Given two functions $f$ and $g$ defined positive and integrable on $\left [ a,+\infty \right [$. Suppose that $\lim_{x\to \infty}\frac{f(x)}{g(x)}=L$ exists.

If $0< L < \infty$: $\int_{a}^{\infty }g(x)dx$ converges $\Leftrightarrow \int_{a}^{\infty }f(x)dx$ converges

If $L=0$: $\int_{a}^{\infty }g(x)dx$ converges $\Rightarrow \int_{a}^{\infty }f(x)dx$ converges

The proof goes by using the definition of the limit at infinity by setting an $\epsilon $ and stating the existence of a certain $M$ above which $\frac{f(x)}{g(x)}$ is within $\epsilon $ of $L$ and then using the comparison theorem to deduce the convergence of the integral of a function by its upper boundedness by a function whose integral converges.
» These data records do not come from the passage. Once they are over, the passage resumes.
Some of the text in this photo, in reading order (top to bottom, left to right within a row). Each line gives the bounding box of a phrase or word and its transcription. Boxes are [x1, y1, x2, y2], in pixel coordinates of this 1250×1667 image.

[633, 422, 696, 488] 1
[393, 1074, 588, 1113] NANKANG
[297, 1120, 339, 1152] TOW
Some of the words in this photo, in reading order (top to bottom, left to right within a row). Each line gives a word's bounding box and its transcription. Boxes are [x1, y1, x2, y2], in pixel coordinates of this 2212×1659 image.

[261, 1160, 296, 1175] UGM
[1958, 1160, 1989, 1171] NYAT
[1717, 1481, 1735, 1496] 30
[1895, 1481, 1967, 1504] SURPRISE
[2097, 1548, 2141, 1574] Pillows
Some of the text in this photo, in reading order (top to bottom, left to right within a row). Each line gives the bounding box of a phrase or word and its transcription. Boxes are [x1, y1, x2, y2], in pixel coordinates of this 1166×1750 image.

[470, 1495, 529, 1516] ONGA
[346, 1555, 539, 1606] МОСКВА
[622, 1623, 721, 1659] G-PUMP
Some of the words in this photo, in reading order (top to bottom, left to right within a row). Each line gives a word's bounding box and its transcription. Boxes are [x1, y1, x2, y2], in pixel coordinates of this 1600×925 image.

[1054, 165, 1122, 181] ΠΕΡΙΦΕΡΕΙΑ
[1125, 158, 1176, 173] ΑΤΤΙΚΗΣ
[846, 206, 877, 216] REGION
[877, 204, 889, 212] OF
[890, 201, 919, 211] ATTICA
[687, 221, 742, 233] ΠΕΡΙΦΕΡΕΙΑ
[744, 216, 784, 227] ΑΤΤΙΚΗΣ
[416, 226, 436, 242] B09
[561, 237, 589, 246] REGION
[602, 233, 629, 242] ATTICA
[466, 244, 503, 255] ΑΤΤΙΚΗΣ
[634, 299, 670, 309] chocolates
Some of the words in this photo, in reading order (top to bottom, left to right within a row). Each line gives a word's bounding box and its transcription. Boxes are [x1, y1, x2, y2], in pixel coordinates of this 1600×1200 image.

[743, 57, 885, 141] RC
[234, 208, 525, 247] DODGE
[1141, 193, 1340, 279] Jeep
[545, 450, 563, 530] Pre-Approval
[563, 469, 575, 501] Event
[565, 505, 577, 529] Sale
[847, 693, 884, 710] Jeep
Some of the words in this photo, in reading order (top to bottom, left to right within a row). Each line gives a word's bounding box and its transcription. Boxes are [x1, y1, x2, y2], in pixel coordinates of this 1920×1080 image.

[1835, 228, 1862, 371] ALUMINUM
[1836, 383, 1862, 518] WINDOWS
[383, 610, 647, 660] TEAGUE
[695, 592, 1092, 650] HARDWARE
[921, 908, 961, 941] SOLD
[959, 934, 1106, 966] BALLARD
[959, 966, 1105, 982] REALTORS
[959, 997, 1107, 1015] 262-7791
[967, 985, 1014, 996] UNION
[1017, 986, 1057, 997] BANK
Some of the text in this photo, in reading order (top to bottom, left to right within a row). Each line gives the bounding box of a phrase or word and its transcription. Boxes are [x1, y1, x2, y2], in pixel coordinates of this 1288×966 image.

Here is a link if I explained badly (from the end of page 1 to the top of page 2): http://www.math.toronto.edu/~alfonso/137/137_1516_LCT.pdf

MY QUESTION:

I fail to see why this proof fails in the left implication direction when $L=0$? We would have $-\epsilon g(x)\leq f(x)\leq \epsilon g(x)$ so why would convergence of $\int_{a}^{\infty }f(x)dx$ not imply convergence of $\int_{a}^{\infty }g(x)dx$?

Thanks very much in advance.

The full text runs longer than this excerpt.